Translationese — A brief introduction
Translationese is a phenomenon that is present mostly in human translations, which means the patterns corresponding to systematic differences in the translated text from the original text. The differences may be w.r.t. syntax, semantics, and discourse of human translations — humans tend to make translations more similar to each other. You must have come across an instance of translationese but did not really spot it because the changes are subtle many a times. Here’s a quick example, a native of the US would say that something costs “ten-fifty”, but a non-native translator might say that it costs “ten dollars fifty cents”. And this is perfectly correct, but it would unidiomatic, and this is a type of mistake that a non-native speaker might make.
Translationese is categorized into 5 types: Source Interference, Normalization, Implicitation, Explicitation, and Simplification.
Source Interference occurs when translation replicates the typical patterns of the source language which is rare in the target language. So, the source language shines through the translation. [3] For example,
Original: Den hvite mannen knipser
Translated: The white man clicks.
Here, the verb “knipser” in the Norwegian sentence means to click, and it’s implicit that it means clicking a camera. However, the translated English sentence does not really imply clicking a camera. Hence, the source language shines through the translation.
Normalization occurs when a translator tries to normalize the sentence to match the patterns of the target language. For instance, a translator tends to be more conservative while translating. It has been reported that translators use ‘that’ more often than authors of original English texts, since ‘that’ is usually omitted in an informal setting and occurs more in formal texts along with some formal and less common verbs. [1][2]
Implicitation occurs when the translated text is more implicit than the corresponding source text. It is the non-verbalization of information that a person might or might not be able to infer. For example,
Original: Go out — Translated: Sortir
Original: Come out — Translated: Sortir
Here is an example of English-to-French translation, go out/come out, both can be translated to “Sortir”, and the meaning is inferred by the native French.
Explicitation occurs when a translated text is more explicit than the corresponding source text. It is basically saying something that a person might have understood anyway. For example,
Sentence: the animal didn’t cross the street because it was too tired.
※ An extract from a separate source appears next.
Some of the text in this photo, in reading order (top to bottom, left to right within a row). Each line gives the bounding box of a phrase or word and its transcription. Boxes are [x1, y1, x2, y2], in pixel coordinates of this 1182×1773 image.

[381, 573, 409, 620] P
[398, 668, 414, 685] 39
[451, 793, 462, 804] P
Explicit Sentence: the animal didn’t cross the street because the animal was too tired.
In the above example, it is inferred that the animal is tired, however, a translator might explicitize it.
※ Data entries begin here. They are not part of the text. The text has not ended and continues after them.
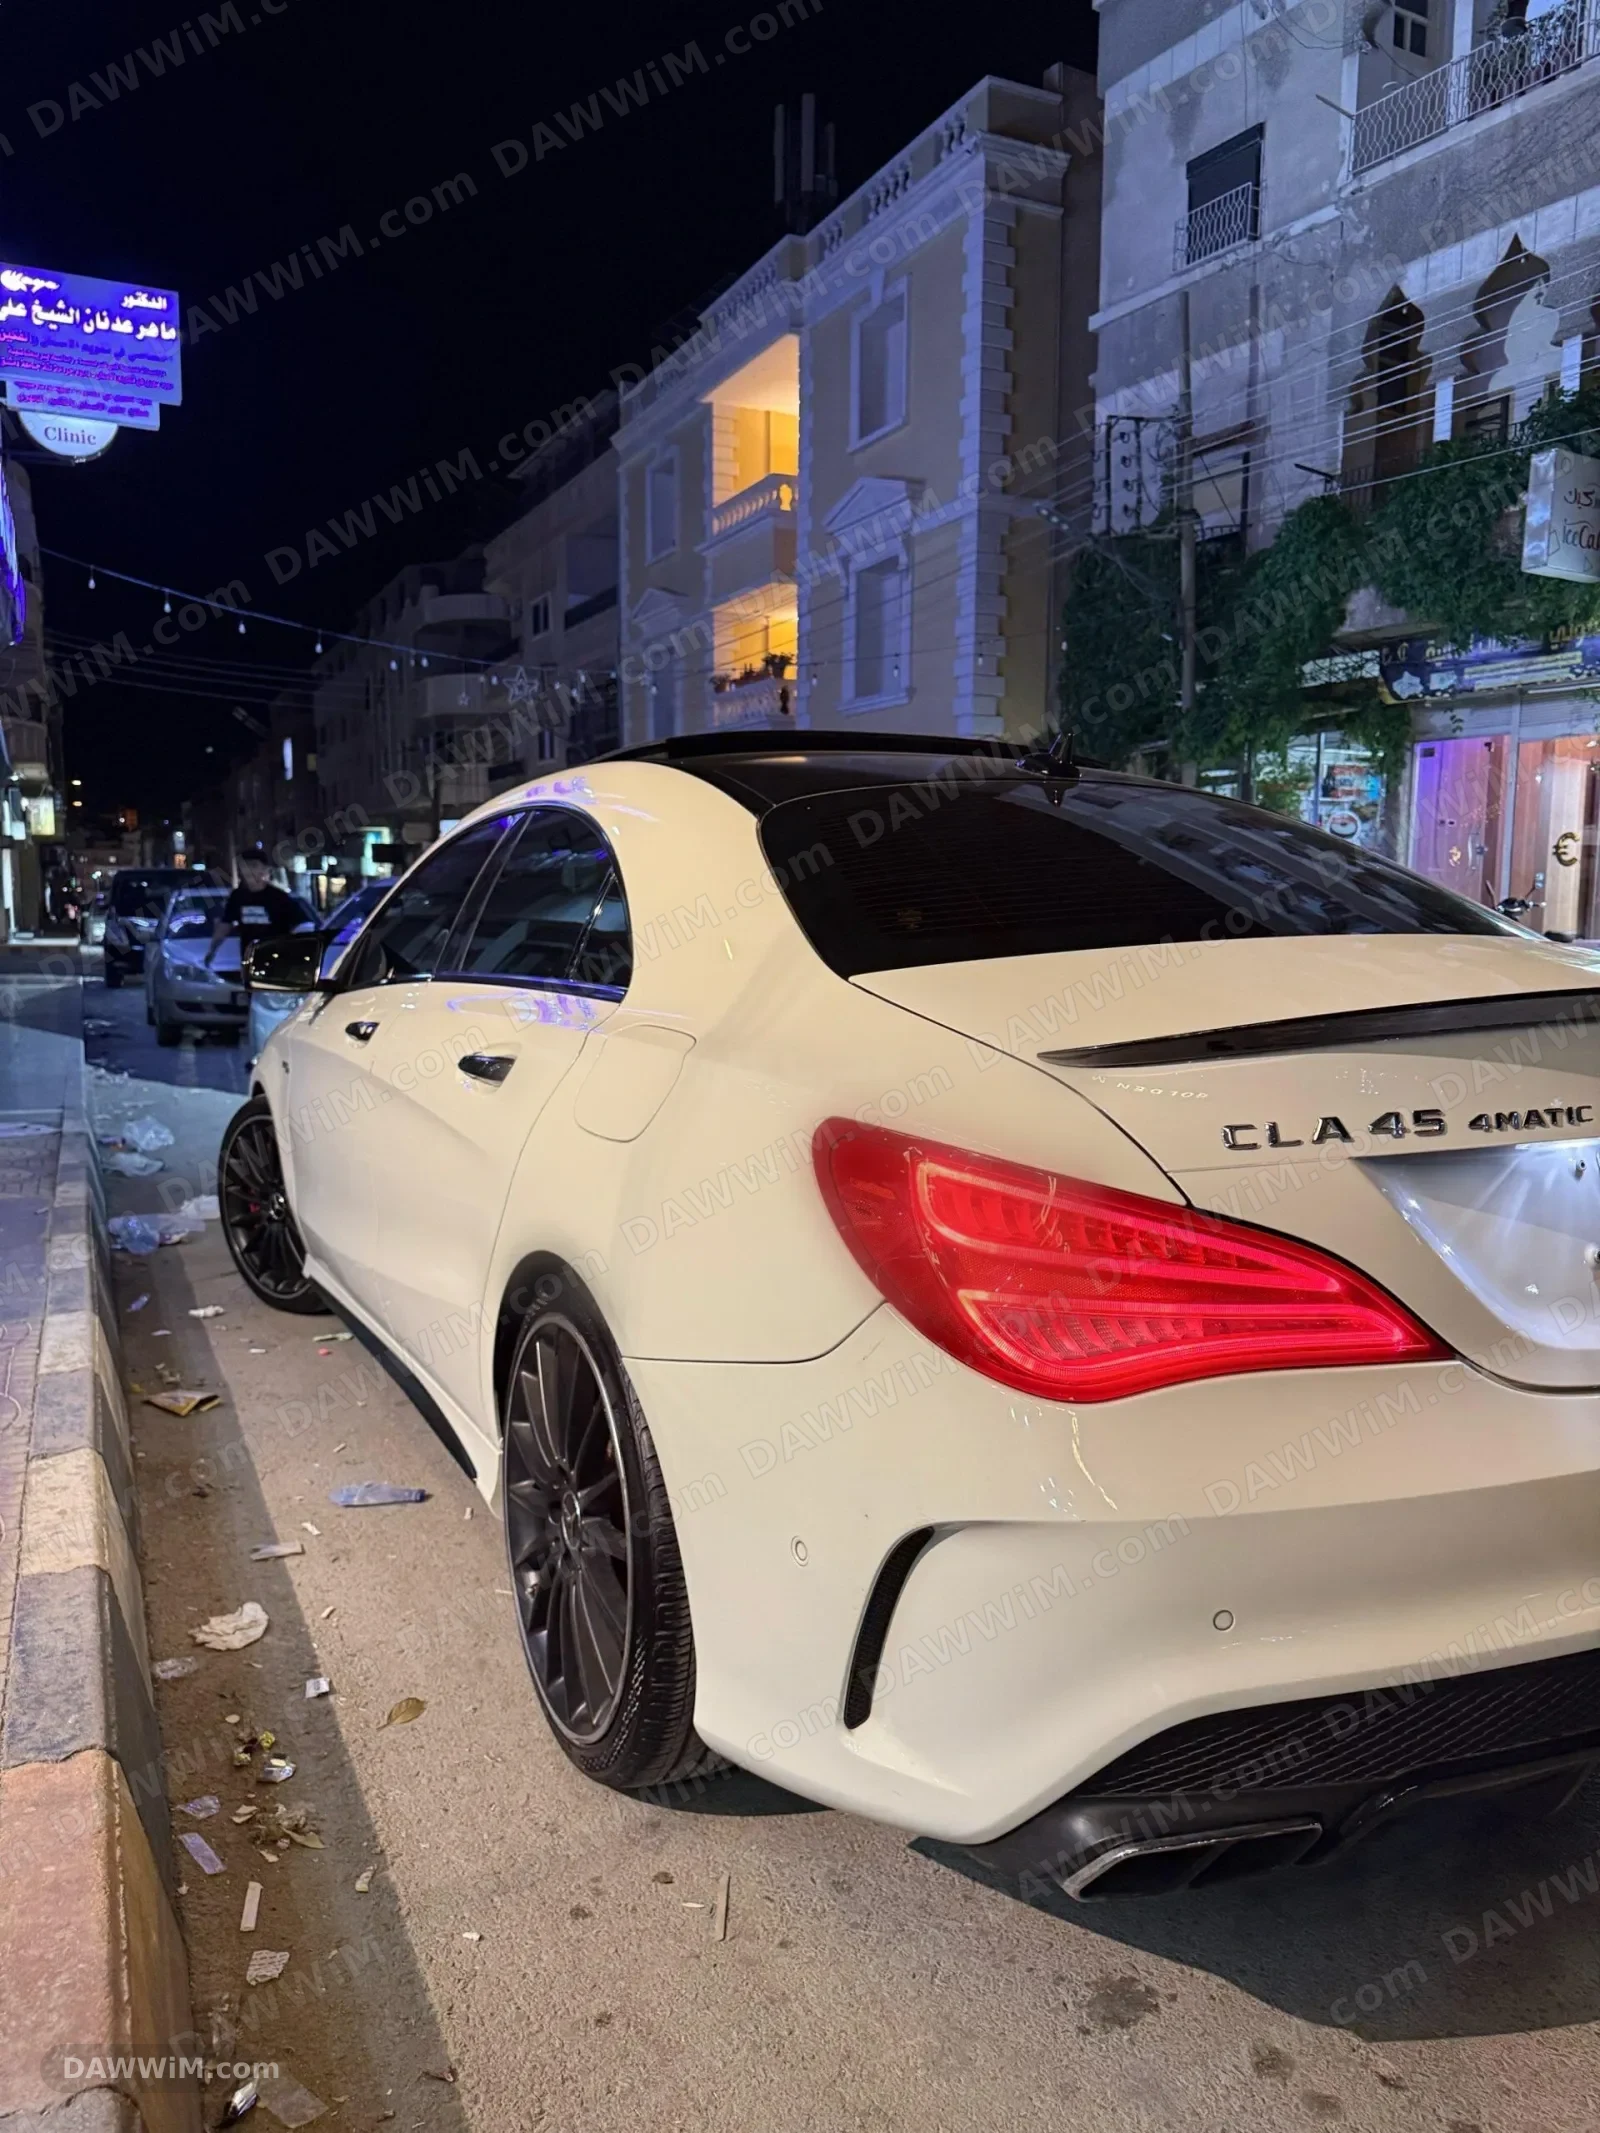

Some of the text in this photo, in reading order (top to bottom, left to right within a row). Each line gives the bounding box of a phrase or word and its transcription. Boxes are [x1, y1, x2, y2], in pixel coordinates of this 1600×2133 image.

[31, 299, 81, 331] الشيخ
[83, 308, 134, 335] عدنان
[136, 321, 177, 341] ماهر
[44, 426, 97, 445] Clinic
[1221, 1104, 1594, 1151] CLA 45 4MATIC
Simplification occurs when a translator simplifies the translation. For example, Vanderauweran [4] found in her study that in English translations of Dutch novels, potentially ambiguous pronouns are replaced by more precisely identifiable forms. She also reports that “where quotation marks fail to distinguish a person’s speech or thought in the source text, they are almost invariably restored in the target text”. Simplification is also sometimes considered a type of explicitation since it raises the level of explicitness by resolving ambiguity.
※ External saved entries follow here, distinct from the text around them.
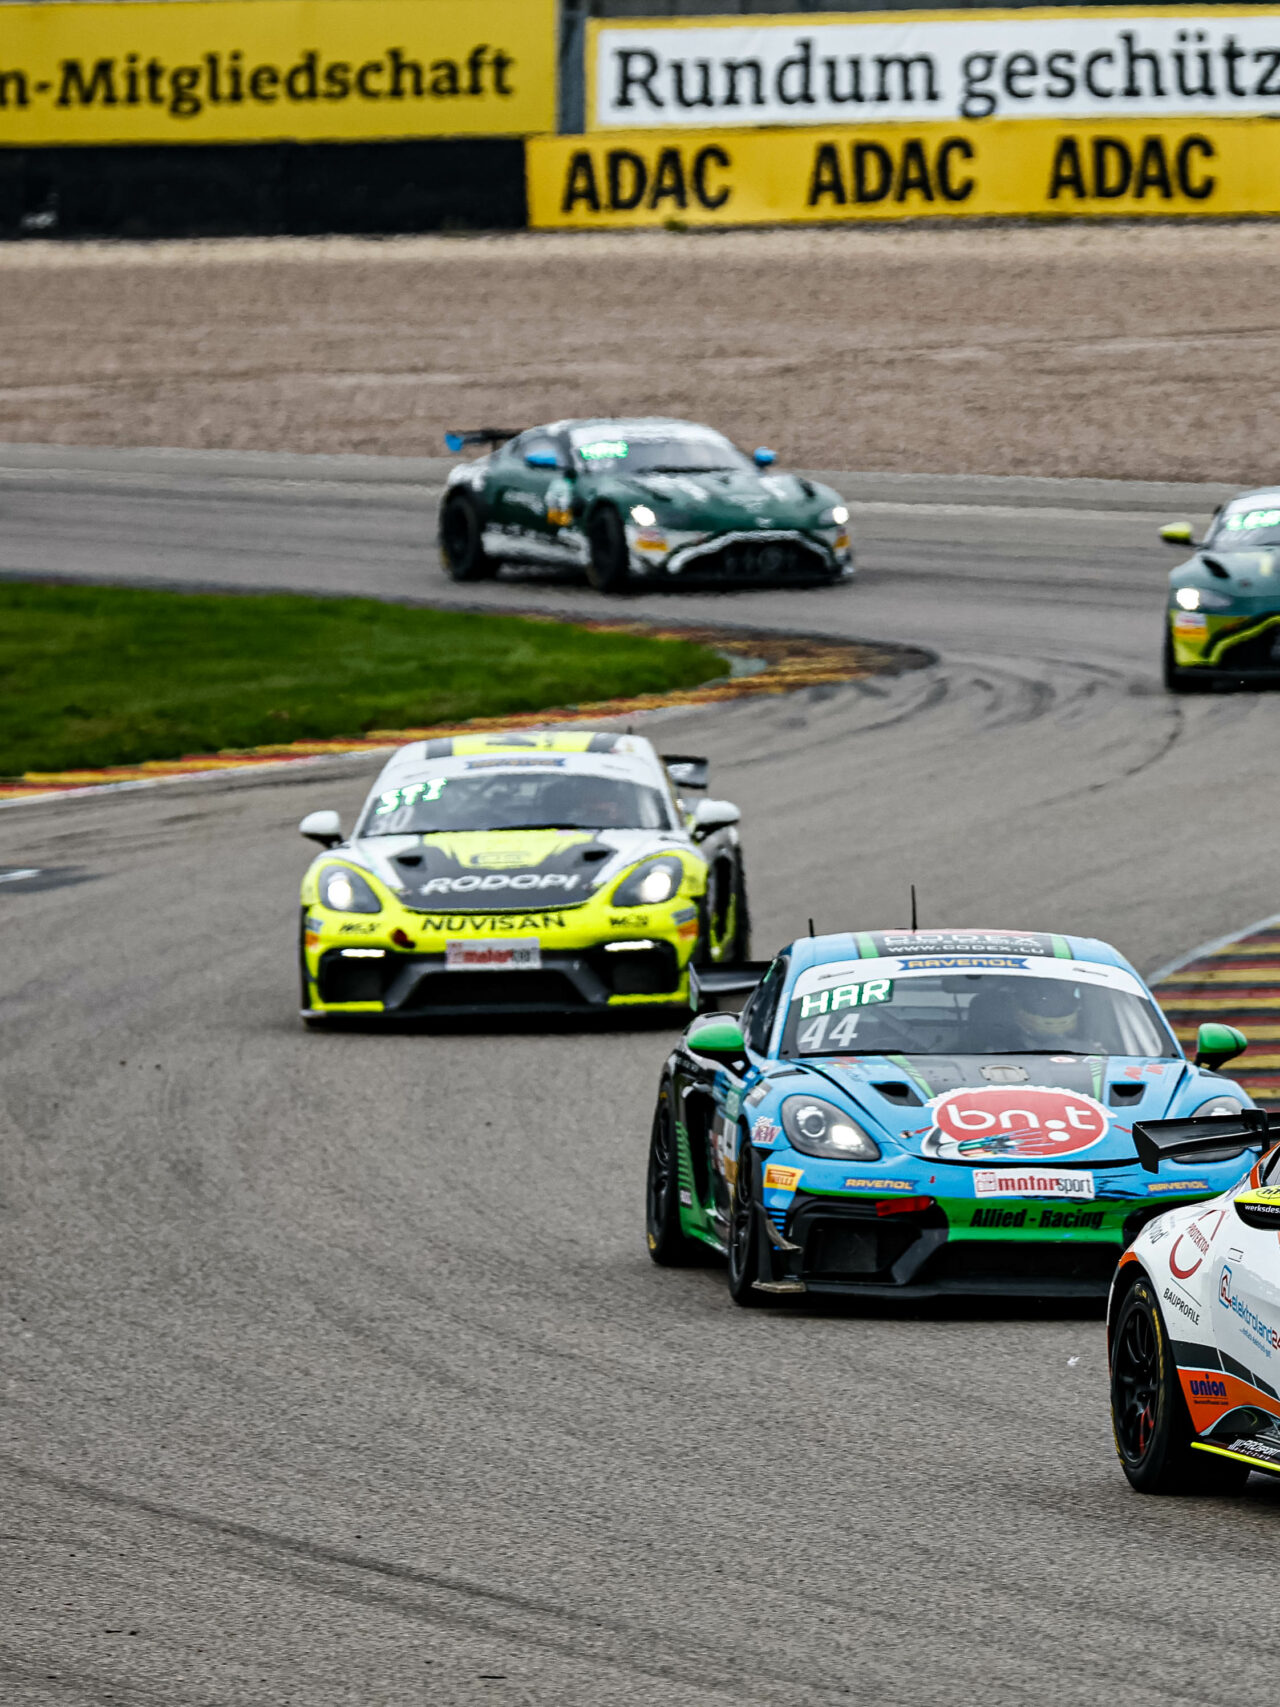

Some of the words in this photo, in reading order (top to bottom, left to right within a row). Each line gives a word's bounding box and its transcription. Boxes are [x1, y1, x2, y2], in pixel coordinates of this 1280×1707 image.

[612, 39, 940, 108] Rundum
[561, 145, 732, 213] ADAC
[808, 136, 976, 206] ADAC
[1048, 133, 1217, 200] ADAC
[419, 873, 581, 896] RODOPI
[420, 912, 567, 933] NUVISAN
[908, 957, 1020, 969] RAVENOL
[801, 978, 890, 1018] HAR
[799, 1012, 860, 1050] 44
[845, 1178, 913, 1190] RAVENOL
[997, 1174, 1093, 1194] motorsport
[968, 1208, 1028, 1228] Allied
[1038, 1209, 1106, 1229] Racing
[1186, 1222, 1210, 1257] PROTEKTOR
[1163, 1287, 1201, 1326] BAUPROFILE
[1190, 1373, 1227, 1397] union
It is unclear what exactly causes translationese, and the patterns vary according to the language pair in consideration. While it is difficult for humans to observe it most of the time, they tend to be better identified by machine learning models.
But, is translationese a performance barrier?
Cross-lingual NLP tasks are heavily dependent on translations by humans. There has been a lot of research that proves that translationese patterns affect the performance of many tasks. It has been found that the translation of source sentences that are a result of translation is easier to translate [5]. Cross-lingual models are seen to suffer performance-wise due to the presence of translationese. Hence, there has been a lot of work to identify and reduce translationese [6][7][8].
But there is this paper [9] that argues that machine translation systems, especially neural MTs focus so much on performance and robustness that they overlook other important phenomena. It has been found that NMTs often tend to “hallucinate” content that is unfaithful to the input document. This was first detected in the open-ended abstraction summarization task [10]. Models are expected to generate text that is more human-like thus containing more content-related words. Open-ended generation is different than document summarization tasks where the model is expected to be factual and faithful to the input document. Additionally, models are usually agnostic to the artifacts of the training data (eg. reference divergence, etc.). These factors make them vulnerable to hallucinations. And therefore, NMT models are also sometimes required to be faithful to the source language depending on the task, which means bringing source interference to the model. The researchers in the paper found that NMTs have a strong tendency towards robustness rather than faithfulness. And hence will always pay significantly less importance to the translationese phenomenon.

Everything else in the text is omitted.